- [Required work]
From the line that contains "this 1366×2048 image." through the last line of the data, copy everything exactly and nothing else, omitting the pictures.

- [Data for this exercise]
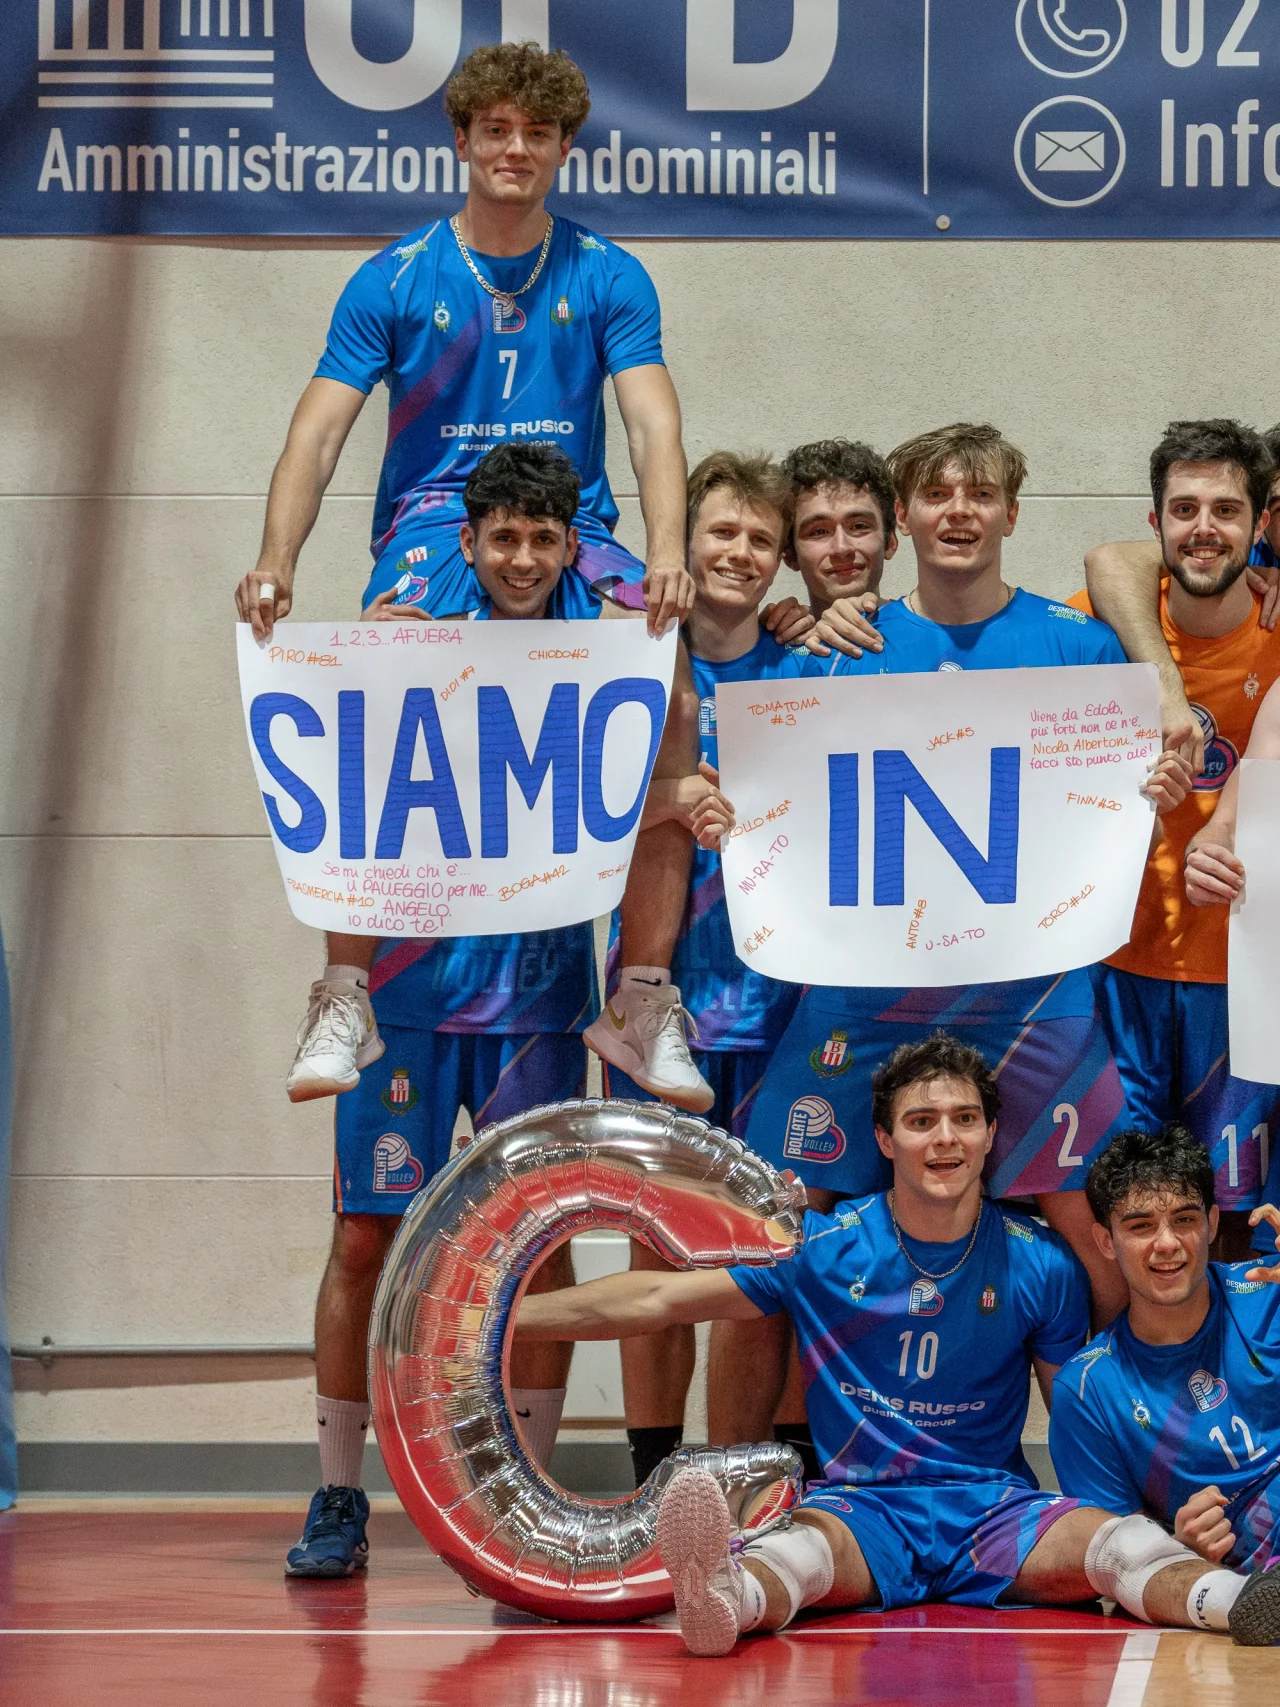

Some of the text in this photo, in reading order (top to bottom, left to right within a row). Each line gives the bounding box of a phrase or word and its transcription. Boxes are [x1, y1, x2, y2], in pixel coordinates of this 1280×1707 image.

[1160, 0, 1260, 68] 02
[558, 129, 837, 196] ndominiali
[499, 349, 518, 399] 7
[440, 423, 506, 438] DENIS
[458, 443, 496, 452] BUSIN
[392, 627, 463, 646] AFUERA
[701, 707, 709, 733] BOLLATE
[770, 714, 797, 726] #3
[1030, 709, 1057, 722] Viene
[1062, 708, 1079, 721] da
[1053, 723, 1076, 736] forti
[1081, 724, 1100, 733] non
[1033, 740, 1069, 755] Nicola
[249, 677, 666, 859] SIAMO
[1086, 753, 1121, 768] punto
[828, 746, 1021, 907] IN
[321, 861, 340, 876] Se
[364, 864, 409, 880] chiedi
[416, 864, 440, 879] chi
[447, 885, 466, 901] per
[367, 914, 405, 931] dico
[831, 1041, 841, 1053] B
[395, 1079, 405, 1090] B
[787, 1112, 807, 1155] BOLLATE
[1053, 1103, 1083, 1168] 2
[803, 1138, 835, 1152] VOLLEY
[1221, 1122, 1269, 1187] 11
[376, 1150, 388, 1189] BOLLATE
[911, 1288, 922, 1314] BOLLATE
[898, 1330, 939, 1380] 10
[1190, 1382, 1210, 1411] BOLLATE
[908, 1400, 986, 1415] RUSSO
[915, 1418, 956, 1428] GROUP
[1209, 1415, 1267, 1470] 12
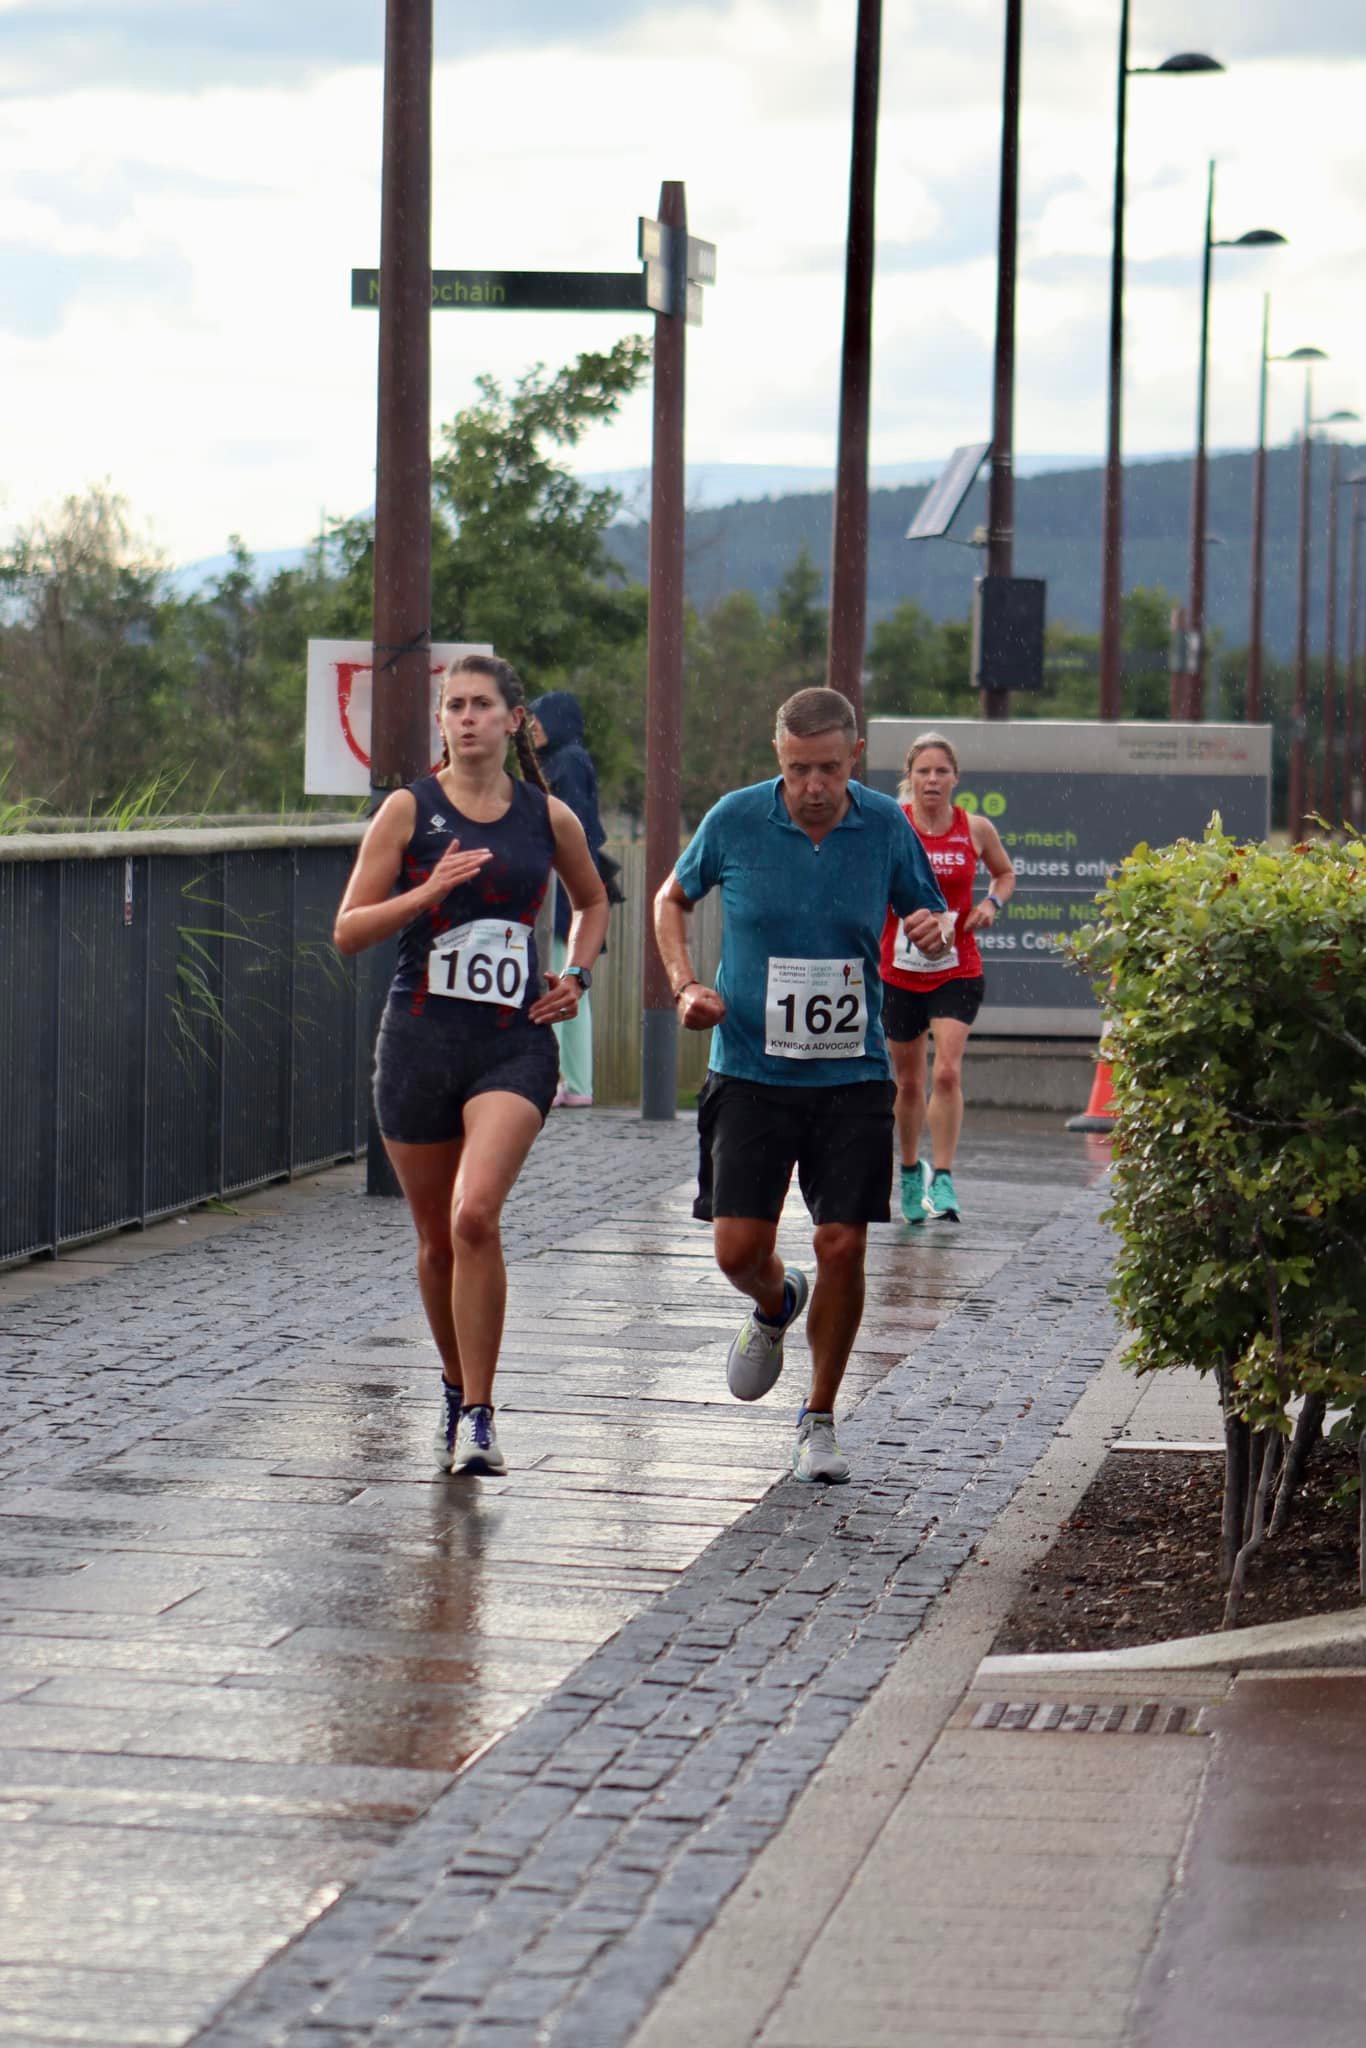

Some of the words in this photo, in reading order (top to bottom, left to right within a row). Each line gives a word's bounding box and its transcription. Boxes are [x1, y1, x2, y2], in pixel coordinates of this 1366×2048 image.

[927, 852, 966, 866] RES
[1013, 858, 1070, 876] Buses
[1007, 904, 1063, 920] Inbhir
[974, 935, 1016, 949] ness
[440, 950, 521, 999] 160
[777, 993, 859, 1035] 162
[771, 1039, 811, 1051] KYNISKA
[812, 1041, 860, 1050] ADVOCACY
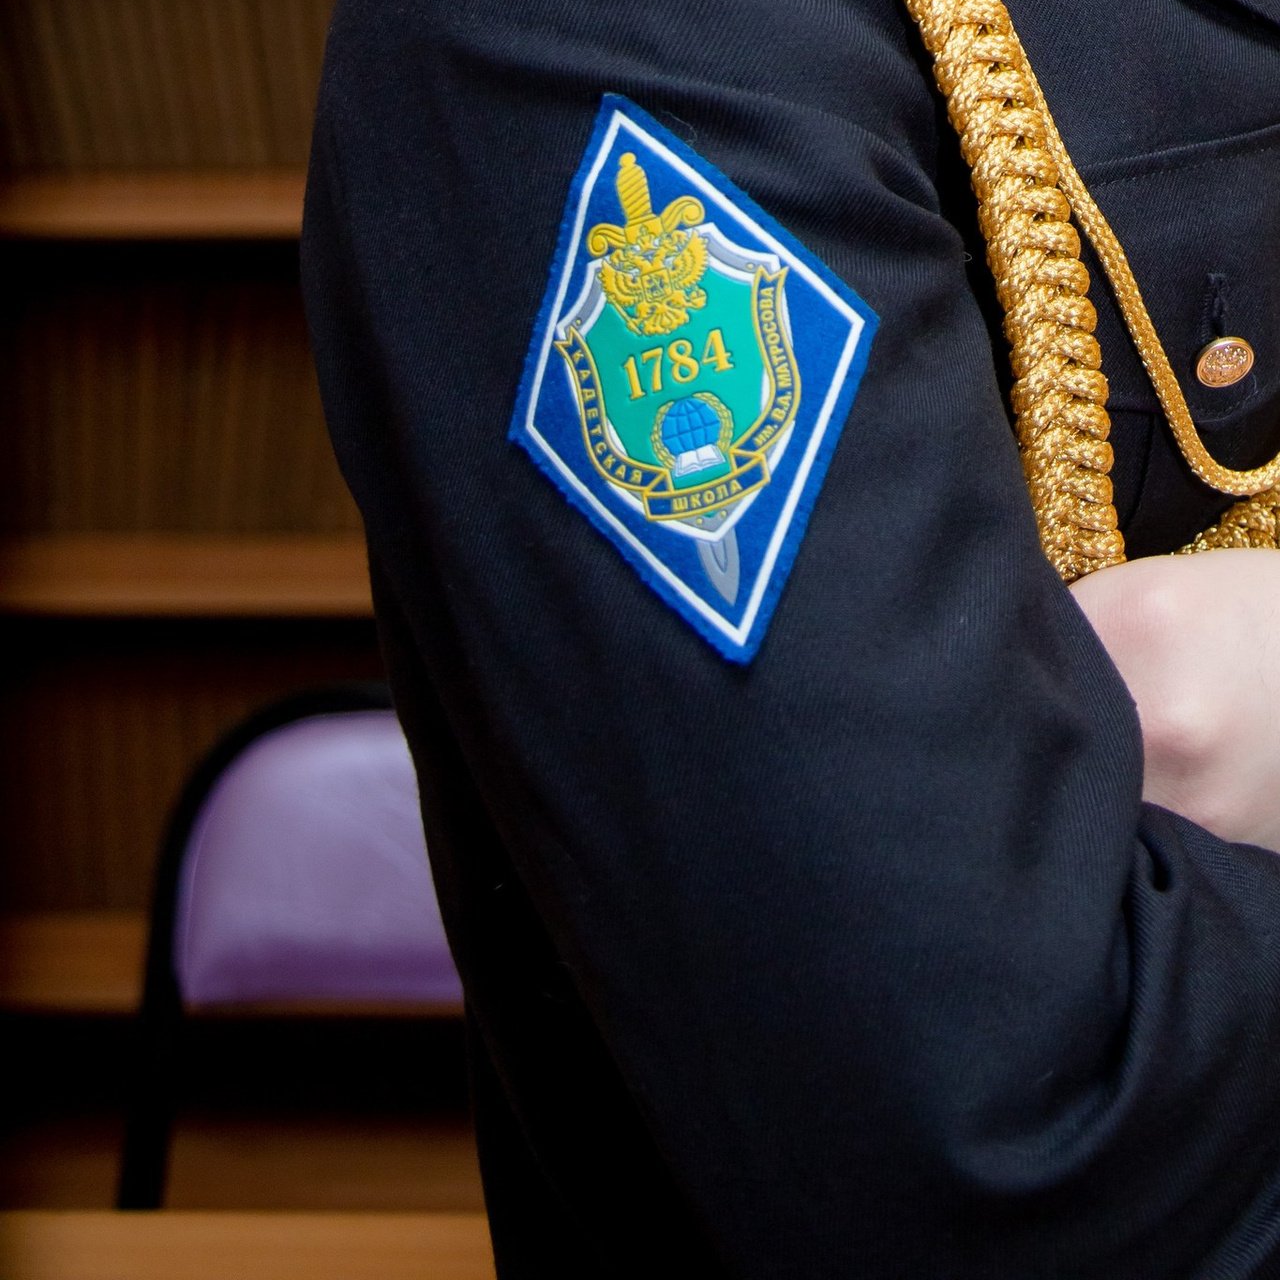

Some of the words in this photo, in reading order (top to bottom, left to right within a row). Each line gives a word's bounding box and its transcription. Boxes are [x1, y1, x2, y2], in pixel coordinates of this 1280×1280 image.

[623, 327, 734, 400] 1784
[760, 286, 792, 389] МАТРОСОВА
[571, 348, 643, 485] КАДЕТСКАЯ
[671, 482, 743, 513] ШКОЛА

- [Written response]
Some of the words in this photo, in reading order (top to bottom, left to right within a row). Each line gives a word's bounding box and its transcription. Boxes are [x1, y1, x2, y2], in pixel coordinates of this 1366×2048 image.

[927, 852, 966, 866] RES
[1013, 858, 1070, 876] Buses
[1007, 904, 1063, 920] Inbhir
[974, 935, 1016, 949] ness
[440, 950, 521, 999] 160
[777, 993, 859, 1035] 162
[771, 1039, 811, 1051] KYNISKA
[812, 1041, 860, 1050] ADVOCACY

Some of the words in this photo, in reading order (top to bottom, left to right within a row). Each line gives a word's bounding box and its transcription. Boxes are [x1, y1, x2, y2], in pixel coordinates of this 1280×1280 image.

[623, 327, 734, 400] 1784
[760, 286, 792, 389] МАТРОСОВА
[571, 348, 643, 485] КАДЕТСКАЯ
[671, 482, 743, 513] ШКОЛА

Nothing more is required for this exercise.